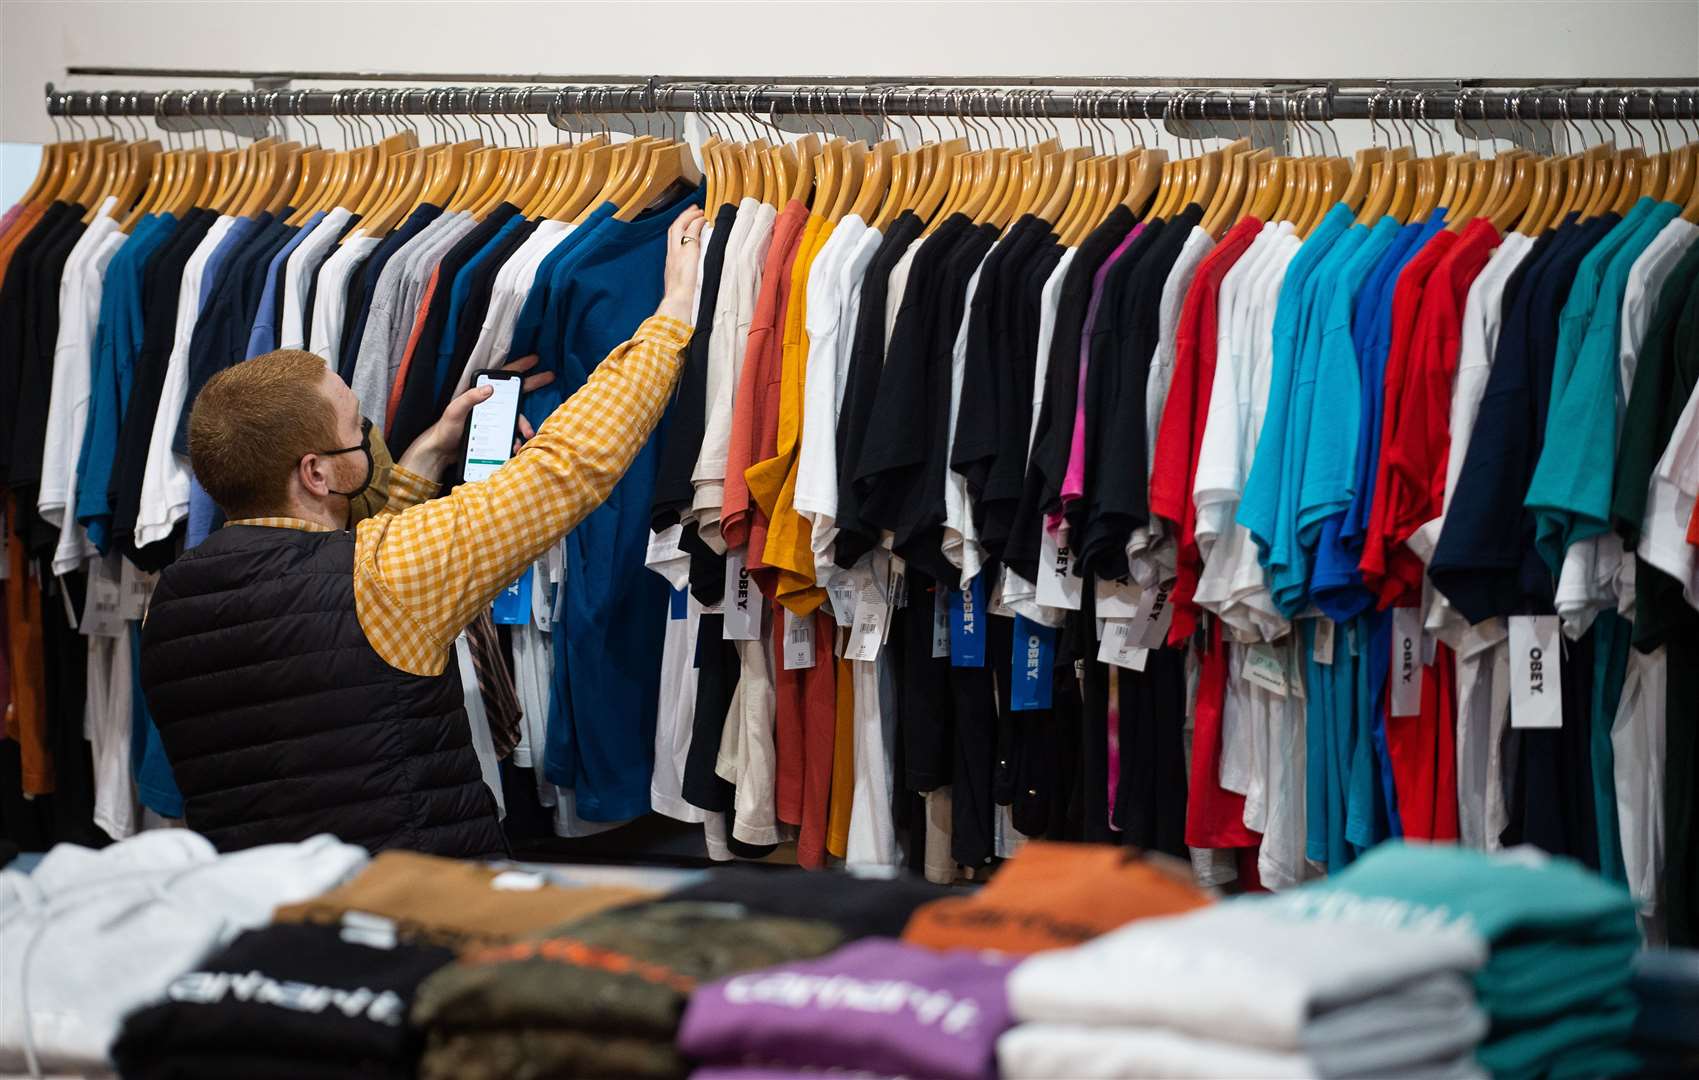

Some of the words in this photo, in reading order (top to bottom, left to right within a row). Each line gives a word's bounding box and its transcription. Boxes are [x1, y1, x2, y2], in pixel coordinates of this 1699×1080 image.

[1055, 546, 1069, 578] BEY.
[962, 590, 974, 635] OBEY.
[1027, 635, 1040, 681] OBEY.
[1402, 637, 1412, 684] OBEY.
[1529, 647, 1544, 696] OBEY.

## WHAT YOU SHOULD DO
Return the material above verbatim. Pictures are to be excluded.

## FINISHED EXERCISE
Some of the words in this photo, in reading order (top to bottom, left to right within a row). Each line gives a word's bounding box and its transcription. Boxes are [x1, y1, x2, y2], in pixel coordinates of this 1699×1080 image.

[1055, 546, 1069, 578] BEY.
[962, 590, 974, 635] OBEY.
[1027, 635, 1040, 681] OBEY.
[1402, 637, 1412, 684] OBEY.
[1529, 647, 1544, 696] OBEY.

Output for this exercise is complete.